- Problem requirements
Every line from the one bearing "this 1333×1125 image." through the last line of the entries should be printed exactly, with no other output.

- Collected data
********************
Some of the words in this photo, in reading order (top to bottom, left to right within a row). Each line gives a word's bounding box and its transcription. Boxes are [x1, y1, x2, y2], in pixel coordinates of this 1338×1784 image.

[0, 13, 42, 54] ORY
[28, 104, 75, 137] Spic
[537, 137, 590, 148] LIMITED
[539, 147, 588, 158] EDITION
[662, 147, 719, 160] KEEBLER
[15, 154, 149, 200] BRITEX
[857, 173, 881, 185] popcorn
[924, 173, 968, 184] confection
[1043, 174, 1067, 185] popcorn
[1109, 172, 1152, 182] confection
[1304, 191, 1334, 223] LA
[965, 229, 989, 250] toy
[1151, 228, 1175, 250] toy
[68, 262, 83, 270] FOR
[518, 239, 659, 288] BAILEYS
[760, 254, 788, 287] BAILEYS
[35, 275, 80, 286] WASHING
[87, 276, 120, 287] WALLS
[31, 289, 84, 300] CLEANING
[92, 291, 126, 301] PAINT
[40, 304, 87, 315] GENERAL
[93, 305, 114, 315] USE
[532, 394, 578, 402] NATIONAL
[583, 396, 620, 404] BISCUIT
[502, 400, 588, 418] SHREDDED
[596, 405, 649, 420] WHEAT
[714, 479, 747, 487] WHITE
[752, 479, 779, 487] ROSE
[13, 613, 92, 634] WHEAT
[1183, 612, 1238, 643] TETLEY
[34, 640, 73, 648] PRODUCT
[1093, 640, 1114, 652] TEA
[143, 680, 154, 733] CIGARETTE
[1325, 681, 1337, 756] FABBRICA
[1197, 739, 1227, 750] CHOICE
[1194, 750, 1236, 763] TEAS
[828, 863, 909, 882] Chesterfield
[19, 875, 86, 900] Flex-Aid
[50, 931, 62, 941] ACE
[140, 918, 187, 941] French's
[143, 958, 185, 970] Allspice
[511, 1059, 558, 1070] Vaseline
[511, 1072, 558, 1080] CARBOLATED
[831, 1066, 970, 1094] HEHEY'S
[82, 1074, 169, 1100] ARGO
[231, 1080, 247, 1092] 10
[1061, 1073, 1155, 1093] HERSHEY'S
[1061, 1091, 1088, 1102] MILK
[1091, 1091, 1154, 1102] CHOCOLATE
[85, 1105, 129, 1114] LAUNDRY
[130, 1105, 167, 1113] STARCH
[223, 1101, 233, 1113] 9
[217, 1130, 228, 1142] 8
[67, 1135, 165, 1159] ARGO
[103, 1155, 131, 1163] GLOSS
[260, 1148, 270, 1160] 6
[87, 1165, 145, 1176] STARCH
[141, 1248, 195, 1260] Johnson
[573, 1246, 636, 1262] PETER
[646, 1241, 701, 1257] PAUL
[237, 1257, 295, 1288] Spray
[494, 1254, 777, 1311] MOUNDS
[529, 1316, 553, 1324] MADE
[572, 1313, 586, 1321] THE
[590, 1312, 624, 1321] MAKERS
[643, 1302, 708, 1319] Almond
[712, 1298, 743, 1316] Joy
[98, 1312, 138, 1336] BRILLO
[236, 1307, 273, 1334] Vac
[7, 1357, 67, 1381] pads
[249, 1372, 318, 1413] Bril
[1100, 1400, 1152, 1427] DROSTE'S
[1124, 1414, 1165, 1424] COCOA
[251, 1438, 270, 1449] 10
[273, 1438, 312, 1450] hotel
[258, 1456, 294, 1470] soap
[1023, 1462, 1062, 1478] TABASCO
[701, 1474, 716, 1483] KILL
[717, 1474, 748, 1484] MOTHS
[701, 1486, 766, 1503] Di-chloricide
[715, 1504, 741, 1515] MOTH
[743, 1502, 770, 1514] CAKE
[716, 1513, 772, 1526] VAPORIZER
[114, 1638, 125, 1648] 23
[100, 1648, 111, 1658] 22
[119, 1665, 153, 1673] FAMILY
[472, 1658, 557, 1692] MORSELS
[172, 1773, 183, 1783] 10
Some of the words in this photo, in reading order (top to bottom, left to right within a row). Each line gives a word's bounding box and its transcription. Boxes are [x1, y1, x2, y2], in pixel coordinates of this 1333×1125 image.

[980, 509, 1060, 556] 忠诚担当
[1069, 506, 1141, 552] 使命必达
********************
- Written solution
Some of the words in this photo, in reading order (top to bottom, left to right within a row). Each line gives a word's bounding box and its transcription. Boxes are [x1, y1, x2, y2], in pixel coordinates of this 1333×1125 image.

[980, 509, 1060, 556] 忠诚担当
[1069, 506, 1141, 552] 使命必达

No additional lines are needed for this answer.